### Entries shown

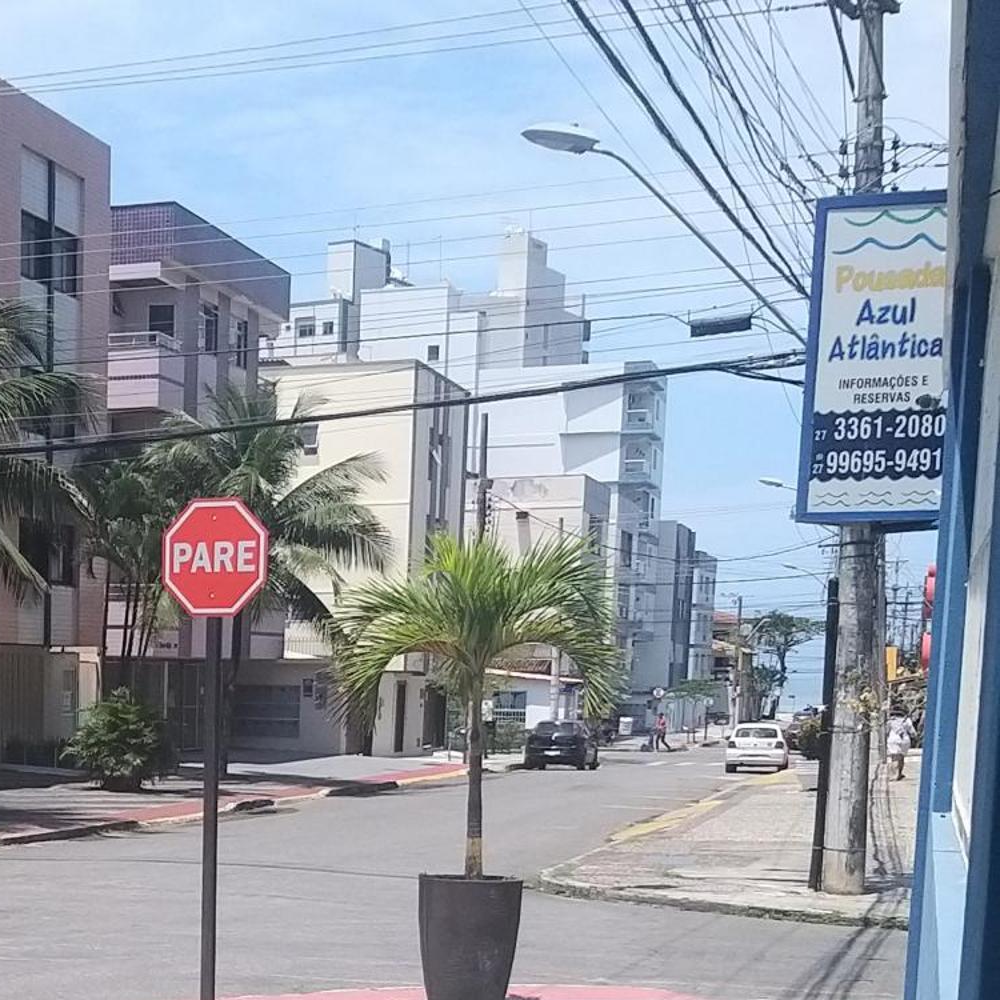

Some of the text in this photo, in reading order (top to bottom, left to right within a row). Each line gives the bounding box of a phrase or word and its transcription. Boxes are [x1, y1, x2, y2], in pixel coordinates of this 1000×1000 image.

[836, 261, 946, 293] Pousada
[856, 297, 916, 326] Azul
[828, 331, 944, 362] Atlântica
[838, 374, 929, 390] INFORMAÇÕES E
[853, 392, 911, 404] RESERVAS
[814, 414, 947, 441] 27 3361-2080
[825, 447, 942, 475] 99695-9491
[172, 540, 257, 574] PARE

######

> [What to work on]: Would you please transcribe the listing in full, exactly, while omitting the images?

> [The completed task]:
Some of the text in this photo, in reading order (top to bottom, left to right within a row). Each line gives the bounding box of a phrase or word and its transcription. Boxes are [x1, y1, x2, y2], in pixel coordinates of this 1000×1000 image.

[836, 261, 946, 293] Pousada
[856, 297, 916, 326] Azul
[828, 331, 944, 362] Atlântica
[838, 374, 929, 390] INFORMAÇÕES E
[853, 392, 911, 404] RESERVAS
[814, 414, 947, 441] 27 3361-2080
[825, 447, 942, 475] 99695-9491
[172, 540, 257, 574] PARE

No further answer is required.